Nearly a half-million Americans are treated for burn injuries each year.
Burns can be excruciatingly painful and disfiguring, but a new procedure is helping give something special back to many burn victims.
Take Luci for example. She's an artist, tutu collector, and a survivor.
At 3-months-old, Luci was abandoned at a Chinese orphanage. Her face and body were severely burned. There was no explanation, just some cash and a letter.
"It was a note, and it said, 'Thank you to the kind people,' and it gave her birth date," said Tara Newton, Luci's mom, who flew to China and adopted Luci when she was four.
"It was just like, God was like, ‘There you go. That's why I put you on this earth," said Newton, who is also a burn survivor. A fireworks accident scorched her chest and face. "Who else can mom a child with that kind of need beside someone who has been there and done that?"
Luci needed major reconstructive surgery.
"The most obvious physical problem that she had was that she had no hair," said Dr. Joseph Williams, chief of plastic surgery at Children's Healthcare of Atlanta.
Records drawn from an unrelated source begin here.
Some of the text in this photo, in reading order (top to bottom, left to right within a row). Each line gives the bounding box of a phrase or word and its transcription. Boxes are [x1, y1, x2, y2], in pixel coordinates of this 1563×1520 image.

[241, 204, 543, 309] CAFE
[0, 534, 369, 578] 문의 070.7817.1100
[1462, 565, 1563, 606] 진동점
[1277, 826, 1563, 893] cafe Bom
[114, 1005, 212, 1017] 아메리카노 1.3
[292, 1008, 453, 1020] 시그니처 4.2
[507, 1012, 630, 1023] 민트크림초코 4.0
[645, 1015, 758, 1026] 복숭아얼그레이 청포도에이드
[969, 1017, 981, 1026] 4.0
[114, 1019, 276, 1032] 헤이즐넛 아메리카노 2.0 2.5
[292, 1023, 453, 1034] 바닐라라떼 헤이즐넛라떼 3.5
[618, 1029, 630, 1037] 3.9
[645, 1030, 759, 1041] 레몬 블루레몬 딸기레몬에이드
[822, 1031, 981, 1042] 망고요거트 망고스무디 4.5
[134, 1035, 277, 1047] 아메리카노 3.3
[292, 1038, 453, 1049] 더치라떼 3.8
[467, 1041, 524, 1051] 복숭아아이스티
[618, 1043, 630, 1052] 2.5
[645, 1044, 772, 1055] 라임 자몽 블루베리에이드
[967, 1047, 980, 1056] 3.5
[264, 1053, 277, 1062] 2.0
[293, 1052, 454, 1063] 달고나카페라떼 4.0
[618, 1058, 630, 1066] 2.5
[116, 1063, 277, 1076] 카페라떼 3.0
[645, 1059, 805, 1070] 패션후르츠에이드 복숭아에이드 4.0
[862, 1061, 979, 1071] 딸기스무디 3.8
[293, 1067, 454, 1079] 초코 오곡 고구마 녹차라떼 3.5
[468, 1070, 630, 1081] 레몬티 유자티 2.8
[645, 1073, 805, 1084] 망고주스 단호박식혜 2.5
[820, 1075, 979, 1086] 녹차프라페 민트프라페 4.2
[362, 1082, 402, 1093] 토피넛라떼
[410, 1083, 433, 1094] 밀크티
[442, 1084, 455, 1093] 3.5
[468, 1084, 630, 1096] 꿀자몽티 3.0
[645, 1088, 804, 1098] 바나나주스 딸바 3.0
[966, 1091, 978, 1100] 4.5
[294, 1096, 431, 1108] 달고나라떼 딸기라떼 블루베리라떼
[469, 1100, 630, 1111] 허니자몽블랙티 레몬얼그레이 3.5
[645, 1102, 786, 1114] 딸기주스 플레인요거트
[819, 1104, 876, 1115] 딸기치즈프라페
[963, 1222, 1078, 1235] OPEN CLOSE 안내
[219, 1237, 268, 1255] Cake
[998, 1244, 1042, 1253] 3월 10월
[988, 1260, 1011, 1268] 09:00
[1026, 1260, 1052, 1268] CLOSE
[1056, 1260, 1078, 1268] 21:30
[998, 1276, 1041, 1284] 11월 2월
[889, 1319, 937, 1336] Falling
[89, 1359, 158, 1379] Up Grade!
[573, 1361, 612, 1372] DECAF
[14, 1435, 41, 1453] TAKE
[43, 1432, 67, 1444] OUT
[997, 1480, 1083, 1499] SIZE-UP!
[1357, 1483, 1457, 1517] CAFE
Williams placed balloon expanders beneath Luci's skin and used the little hair she did have to pull her hairline forward. Each week, he expanded the balloons a little more. After four months, about 60 percent of her scalp was covered with hair. One more round with the expanders could help cover the rest.
"I admire her more than anybody I know," said Luci's proud mom.
The doctor said they'll add hair to her eyebrows, then with a little makeup, you'll hardly be able to tell.